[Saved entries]
|---|

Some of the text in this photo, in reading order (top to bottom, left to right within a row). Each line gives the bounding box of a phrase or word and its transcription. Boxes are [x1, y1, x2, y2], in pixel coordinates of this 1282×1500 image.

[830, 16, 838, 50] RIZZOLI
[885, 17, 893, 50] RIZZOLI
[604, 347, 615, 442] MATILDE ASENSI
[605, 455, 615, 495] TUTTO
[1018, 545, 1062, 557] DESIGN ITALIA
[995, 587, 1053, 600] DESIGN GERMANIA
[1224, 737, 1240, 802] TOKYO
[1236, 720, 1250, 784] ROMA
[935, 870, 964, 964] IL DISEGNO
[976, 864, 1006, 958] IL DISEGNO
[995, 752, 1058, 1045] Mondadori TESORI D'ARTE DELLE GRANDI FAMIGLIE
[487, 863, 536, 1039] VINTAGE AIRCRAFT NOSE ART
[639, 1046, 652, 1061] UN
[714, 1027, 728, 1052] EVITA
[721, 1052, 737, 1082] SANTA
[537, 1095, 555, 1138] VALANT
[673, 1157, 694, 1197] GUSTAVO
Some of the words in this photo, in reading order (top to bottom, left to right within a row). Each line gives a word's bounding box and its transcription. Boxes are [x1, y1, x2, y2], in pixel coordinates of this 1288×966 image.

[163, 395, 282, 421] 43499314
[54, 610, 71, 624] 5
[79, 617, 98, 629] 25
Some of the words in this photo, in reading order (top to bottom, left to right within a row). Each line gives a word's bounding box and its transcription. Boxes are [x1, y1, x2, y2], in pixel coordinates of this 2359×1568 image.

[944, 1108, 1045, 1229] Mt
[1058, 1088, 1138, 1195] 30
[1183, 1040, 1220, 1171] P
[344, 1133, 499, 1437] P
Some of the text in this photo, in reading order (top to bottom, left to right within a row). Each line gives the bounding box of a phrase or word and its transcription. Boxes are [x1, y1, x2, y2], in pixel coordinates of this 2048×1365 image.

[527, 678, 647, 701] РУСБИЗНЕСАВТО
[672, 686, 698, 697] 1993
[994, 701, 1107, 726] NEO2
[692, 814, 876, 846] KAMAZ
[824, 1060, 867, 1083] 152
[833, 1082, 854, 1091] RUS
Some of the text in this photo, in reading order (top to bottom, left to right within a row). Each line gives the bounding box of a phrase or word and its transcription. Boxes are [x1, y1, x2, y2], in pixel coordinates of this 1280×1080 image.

|---|

Assignment -> Could you write out all the entries exactly as given?

Output of the exercise ->
Some of the text in this photo, in reading order (top to bottom, left to right within a row). Each line gives the bounding box of a phrase or word and its transcription. Boxes are [x1, y1, x2, y2], in pixel coordinates of this 1282×1500 image.

[830, 16, 838, 50] RIZZOLI
[885, 17, 893, 50] RIZZOLI
[604, 347, 615, 442] MATILDE ASENSI
[605, 455, 615, 495] TUTTO
[1018, 545, 1062, 557] DESIGN ITALIA
[995, 587, 1053, 600] DESIGN GERMANIA
[1224, 737, 1240, 802] TOKYO
[1236, 720, 1250, 784] ROMA
[935, 870, 964, 964] IL DISEGNO
[976, 864, 1006, 958] IL DISEGNO
[995, 752, 1058, 1045] Mondadori TESORI D'ARTE DELLE GRANDI FAMIGLIE
[487, 863, 536, 1039] VINTAGE AIRCRAFT NOSE ART
[639, 1046, 652, 1061] UN
[714, 1027, 728, 1052] EVITA
[721, 1052, 737, 1082] SANTA
[537, 1095, 555, 1138] VALANT
[673, 1157, 694, 1197] GUSTAVO
Some of the words in this photo, in reading order (top to bottom, left to right within a row). Each line gives a word's bounding box and its transcription. Boxes are [x1, y1, x2, y2], in pixel coordinates of this 1288×966 image.

[163, 395, 282, 421] 43499314
[54, 610, 71, 624] 5
[79, 617, 98, 629] 25
Some of the words in this photo, in reading order (top to bottom, left to right within a row). Each line gives a word's bounding box and its transcription. Boxes are [x1, y1, x2, y2], in pixel coordinates of this 2359×1568 image.

[944, 1108, 1045, 1229] Mt
[1058, 1088, 1138, 1195] 30
[1183, 1040, 1220, 1171] P
[344, 1133, 499, 1437] P
Some of the text in this photo, in reading order (top to bottom, left to right within a row). Each line gives the bounding box of a phrase or word and its transcription. Boxes are [x1, y1, x2, y2], in pixel coordinates of this 2048×1365 image.

[527, 678, 647, 701] РУСБИЗНЕСАВТО
[672, 686, 698, 697] 1993
[994, 701, 1107, 726] NEO2
[692, 814, 876, 846] KAMAZ
[824, 1060, 867, 1083] 152
[833, 1082, 854, 1091] RUS
Some of the text in this photo, in reading order (top to bottom, left to right within a row). Each line gives the bounding box of a phrase or word and its transcription. Boxes are [x1, y1, x2, y2], in pixel coordinates of this 1280×1080 image.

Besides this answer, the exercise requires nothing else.